A technology-enabled adherence enhancement system for people with bipolar disorder: results from a feasibility and patient acceptance analysis
Authors Sajatovic M, Davis M, Cassidy K, Nestor J, Sams J, Fuentes-Casiano E
Received 28 January 2015
Accepted for publication 10 March 2015
Published 8 June 2015 Volume 2015:9 Pages 753—758
Checked for plagiarism Yes
Review by Single-blind
Peer reviewer comments 2
Editor who approved publication: Dr Johnny Chen
Martha Sajatovic,1 Michael S Davis,2 Kristin A Cassidy,3 Joseph Nestor,2 Johnny Sams,3 Edna Fuentes-Casiano3
1Department of Psychiatry and Neurological and Behavioral Outcomes Center, Case Western Reserve University School of Medicine and University Hospitals Case Medical Center, Cleveland, OH, USA; 2MedicaSafe, New York, NY, USA; 3Department of Psychiatry, Case Western Reserve University School of Medicine, University Hospitals Case Medical Center, Cleveland, OH, USA
Objective: As poor medication adherence is common in bipolar disorder (BD), technology-assisted approaches may help to monitor and enhance adherence. This study evaluated preliminary feasibility, patient satisfaction and effects on adherence, BD knowledge, and BD symptoms associated with the use of a multicomponent technology-assisted adherence enhancement system.

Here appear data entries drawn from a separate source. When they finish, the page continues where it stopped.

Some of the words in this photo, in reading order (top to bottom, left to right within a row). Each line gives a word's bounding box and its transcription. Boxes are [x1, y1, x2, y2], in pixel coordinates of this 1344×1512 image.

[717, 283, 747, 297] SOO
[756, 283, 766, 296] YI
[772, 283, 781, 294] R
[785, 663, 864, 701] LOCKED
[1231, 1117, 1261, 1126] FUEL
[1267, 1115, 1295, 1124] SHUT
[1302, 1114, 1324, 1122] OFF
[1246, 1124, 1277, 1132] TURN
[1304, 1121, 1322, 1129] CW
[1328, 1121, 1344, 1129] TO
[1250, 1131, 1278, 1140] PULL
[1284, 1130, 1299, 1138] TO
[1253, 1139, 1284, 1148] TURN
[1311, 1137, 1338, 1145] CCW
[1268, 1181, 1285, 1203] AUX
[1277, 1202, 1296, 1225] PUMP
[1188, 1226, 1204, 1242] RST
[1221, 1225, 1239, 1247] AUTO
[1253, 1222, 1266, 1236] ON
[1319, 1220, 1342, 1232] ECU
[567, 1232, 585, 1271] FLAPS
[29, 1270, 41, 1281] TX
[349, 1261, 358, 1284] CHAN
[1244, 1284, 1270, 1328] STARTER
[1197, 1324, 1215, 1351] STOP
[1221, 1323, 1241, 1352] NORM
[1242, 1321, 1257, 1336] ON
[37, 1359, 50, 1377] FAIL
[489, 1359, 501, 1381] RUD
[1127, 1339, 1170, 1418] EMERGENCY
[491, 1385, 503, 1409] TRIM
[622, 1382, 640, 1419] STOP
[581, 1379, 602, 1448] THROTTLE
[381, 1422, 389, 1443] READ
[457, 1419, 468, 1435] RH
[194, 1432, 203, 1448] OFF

Methods: This prospective study tested the system in five BD patients over a 15-day period. System components included: 1) an automated pill cap with remote monitoring sensor; 2) a multimedia adherence enhancement program; and 3) a treatment incentive program. This study evaluated system usability, patient satisfaction and effects on adherence (Morisky scale), knowledge (treatment knowledge test [TKT]), and symptoms (internal state scale [ISS]).

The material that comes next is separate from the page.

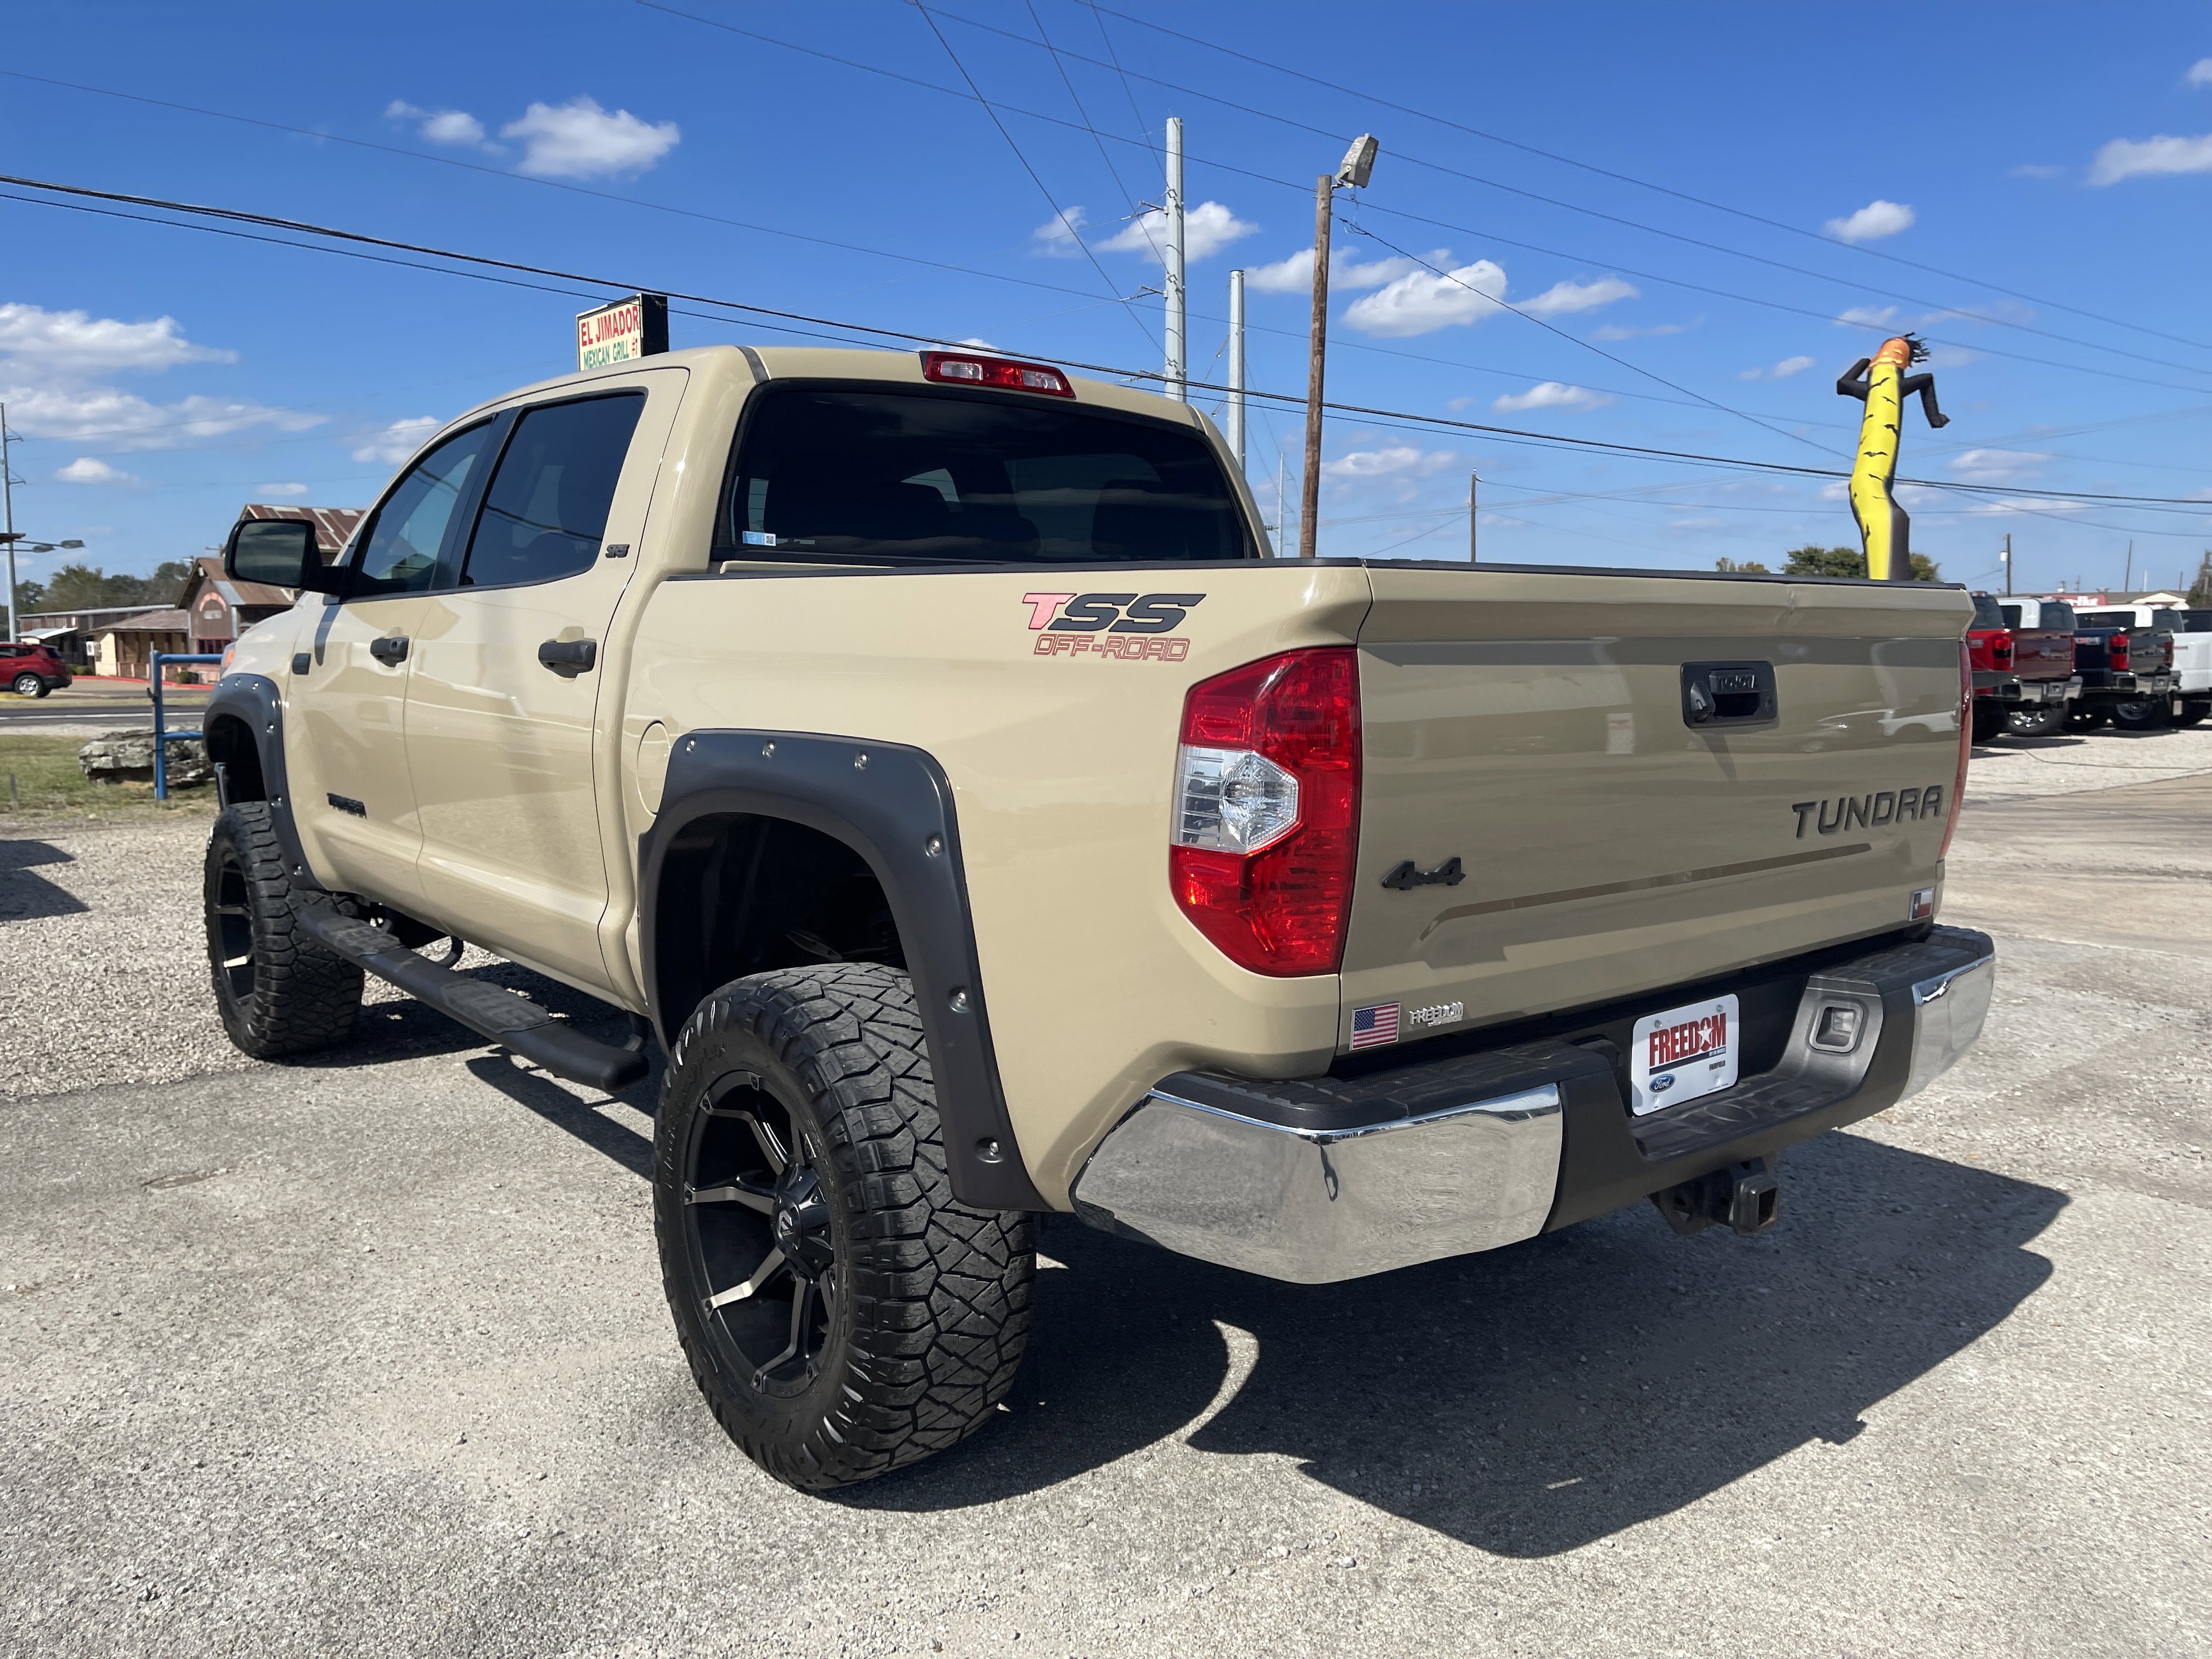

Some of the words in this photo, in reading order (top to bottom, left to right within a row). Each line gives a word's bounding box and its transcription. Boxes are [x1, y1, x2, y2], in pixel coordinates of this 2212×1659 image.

Results: Mean age of the sample was 62 years, 4/5 (80%) Caucasian, and 4/5 (80%) single/divorced or widowed. Most participants (4/5, 80%) were on a single BD medication. Participants had BD for an average of 21 years. Challenges included attaching the pill sensor to standard pharmacy bottles for individuals using very large pill containers or those with multiday pill boxes. Three of five (60%) individuals completed the full 15-day period. Usability scores were high overall. Mean Morisky scores improved. Means on all four subscales of the ISS were all in the direction of improvement. On the TKT, there was a 40% increase in mean scores.
Conclusion: A multicomponent technology-assisted BD adherence enhancement system is feasible. Challenges include accommodating multiple types of pill containers and monitoring multiple drugs simultaneously. The system can also generate adherence information that is potentially useful for treatment planning.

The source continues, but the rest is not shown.